### TASK DESCRIPTION:
Please restate word for word the lines of the entries below from the one with "this 1280×1706 image." to the one with "this 1280×1280 image.", inclusive, and leave out every picture.

Spatial localization data:
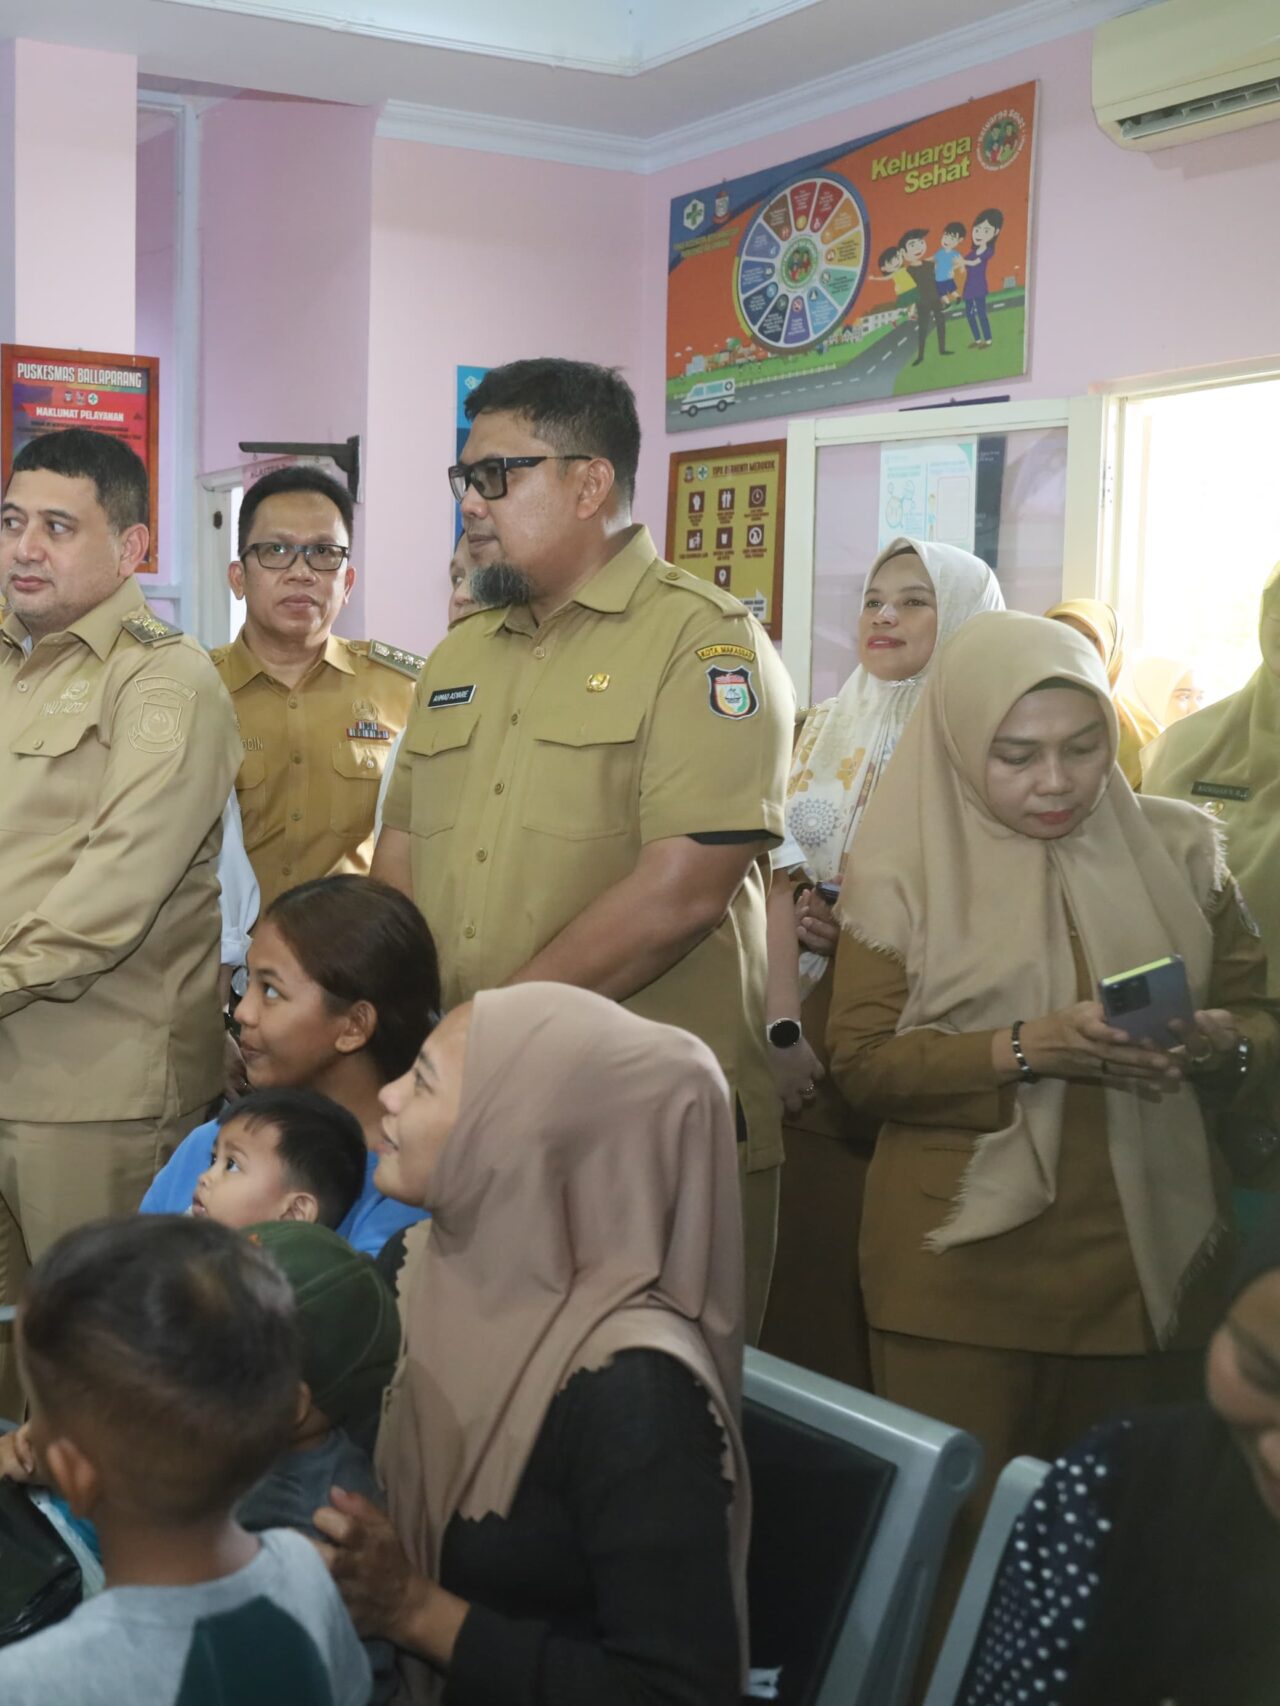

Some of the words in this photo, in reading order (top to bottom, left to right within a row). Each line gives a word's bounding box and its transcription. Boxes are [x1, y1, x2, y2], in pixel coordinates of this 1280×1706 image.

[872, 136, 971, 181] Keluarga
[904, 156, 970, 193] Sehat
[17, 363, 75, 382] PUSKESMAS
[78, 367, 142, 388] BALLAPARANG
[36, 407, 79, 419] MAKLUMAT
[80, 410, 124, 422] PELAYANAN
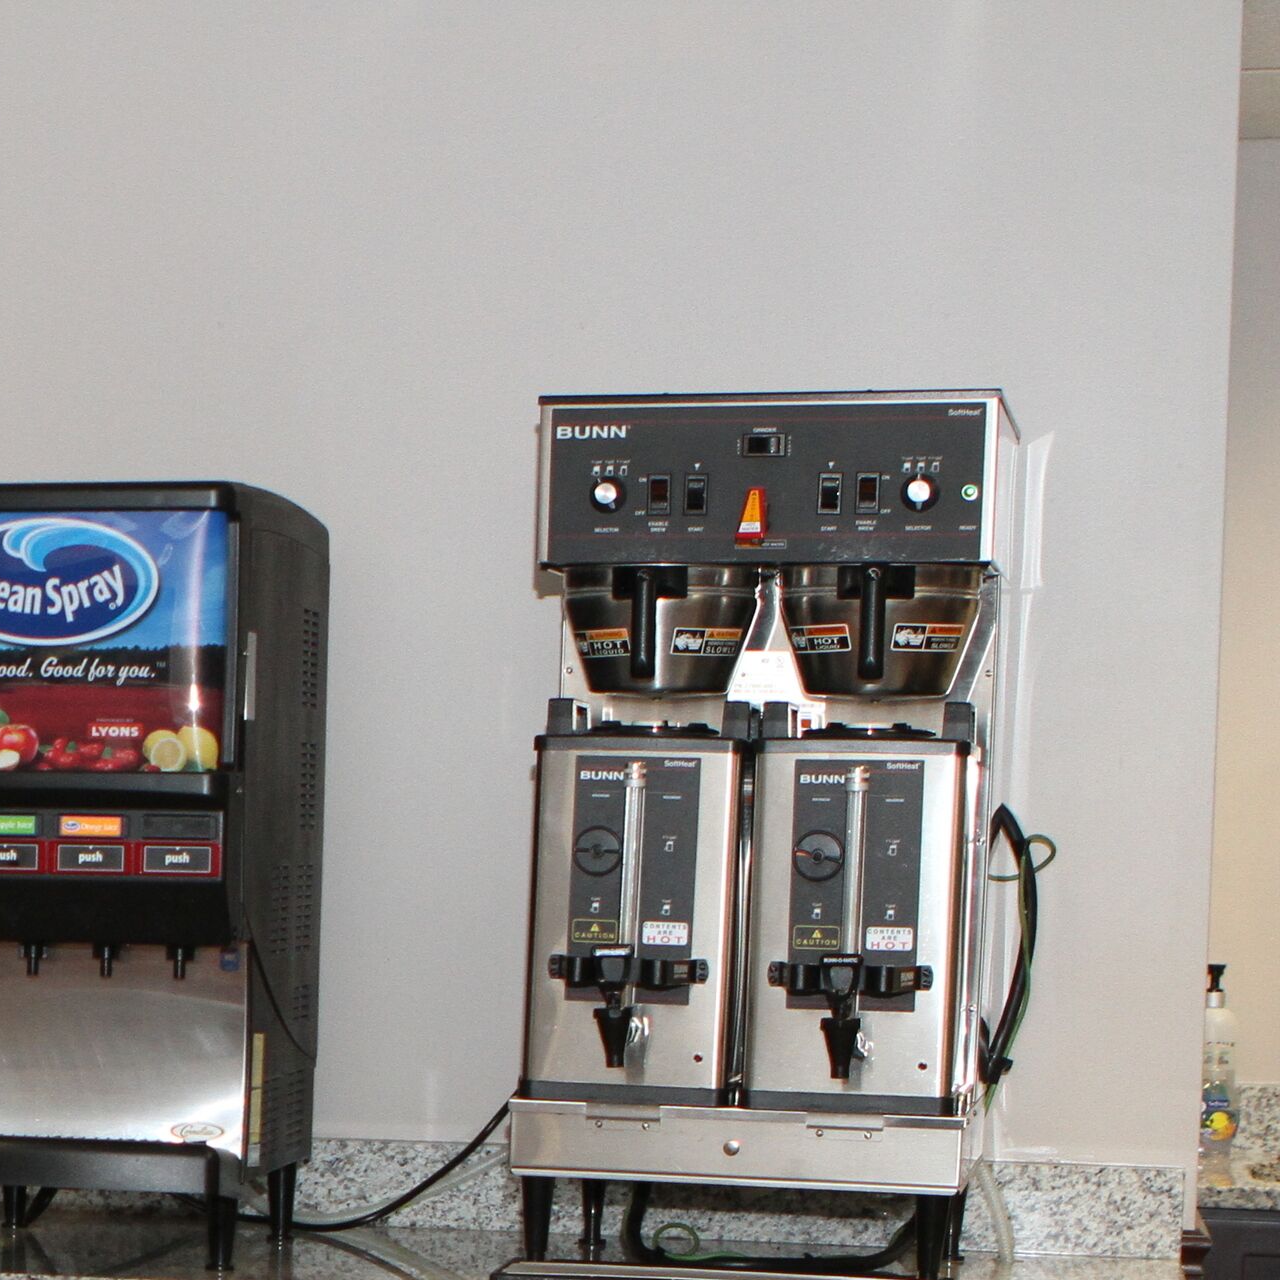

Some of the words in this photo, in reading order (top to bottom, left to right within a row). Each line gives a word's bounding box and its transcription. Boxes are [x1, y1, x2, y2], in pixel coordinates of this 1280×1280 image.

---

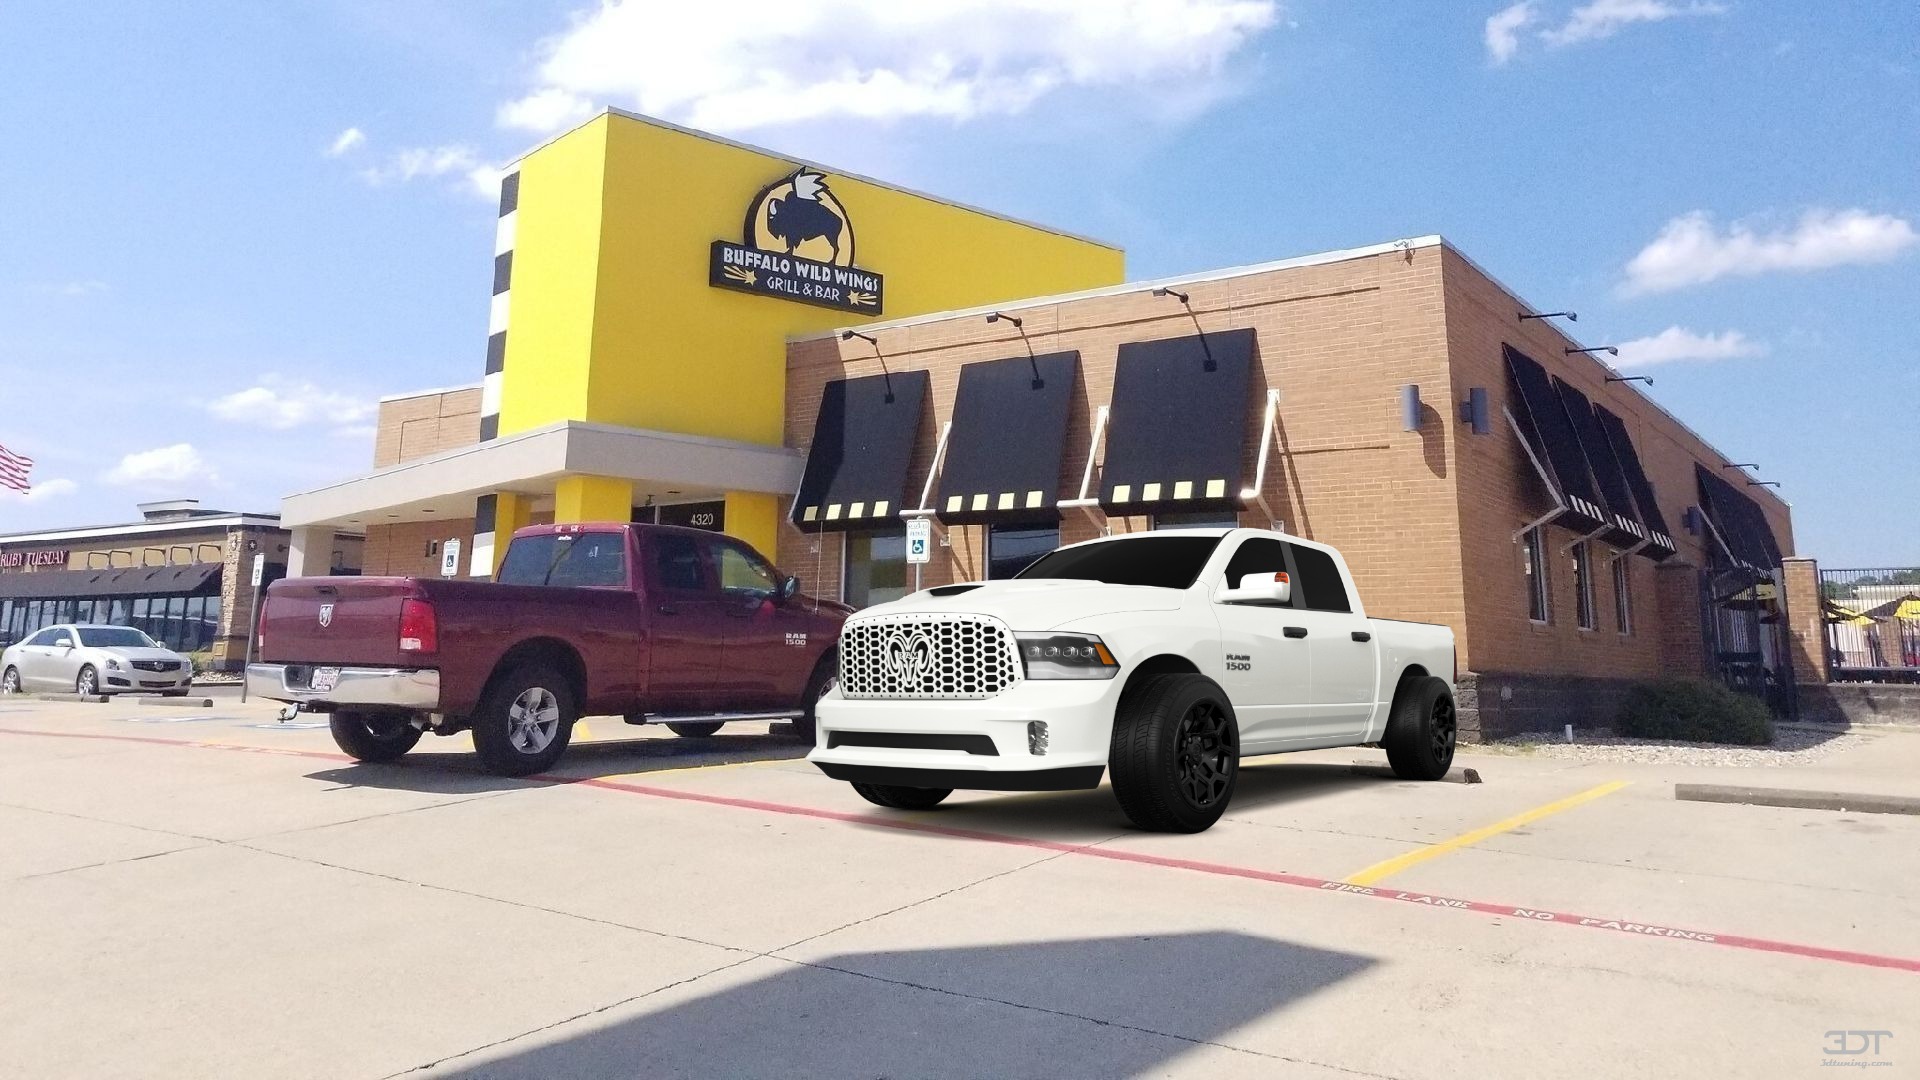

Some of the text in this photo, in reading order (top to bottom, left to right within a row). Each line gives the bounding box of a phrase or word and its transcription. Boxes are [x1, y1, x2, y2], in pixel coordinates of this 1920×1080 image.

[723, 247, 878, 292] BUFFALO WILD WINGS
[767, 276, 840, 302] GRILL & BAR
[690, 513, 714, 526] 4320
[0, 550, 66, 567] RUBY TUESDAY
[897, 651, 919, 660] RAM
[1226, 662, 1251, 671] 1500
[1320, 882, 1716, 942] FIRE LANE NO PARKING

### ANSWER TO THIS TASK:
Some of the words in this photo, in reading order (top to bottom, left to right within a row). Each line gives a word's bounding box and its transcription. Boxes are [x1, y1, x2, y2], in pixel coordinates of this 1280×1706 image.

[872, 136, 971, 181] Keluarga
[904, 156, 970, 193] Sehat
[17, 363, 75, 382] PUSKESMAS
[78, 367, 142, 388] BALLAPARANG
[36, 407, 79, 419] MAKLUMAT
[80, 410, 124, 422] PELAYANAN

Some of the words in this photo, in reading order (top to bottom, left to right within a row). Each line gives a word's bounding box and its transcription. Boxes are [x1, y1, x2, y2], in pixel coordinates of this 1280×1280 image.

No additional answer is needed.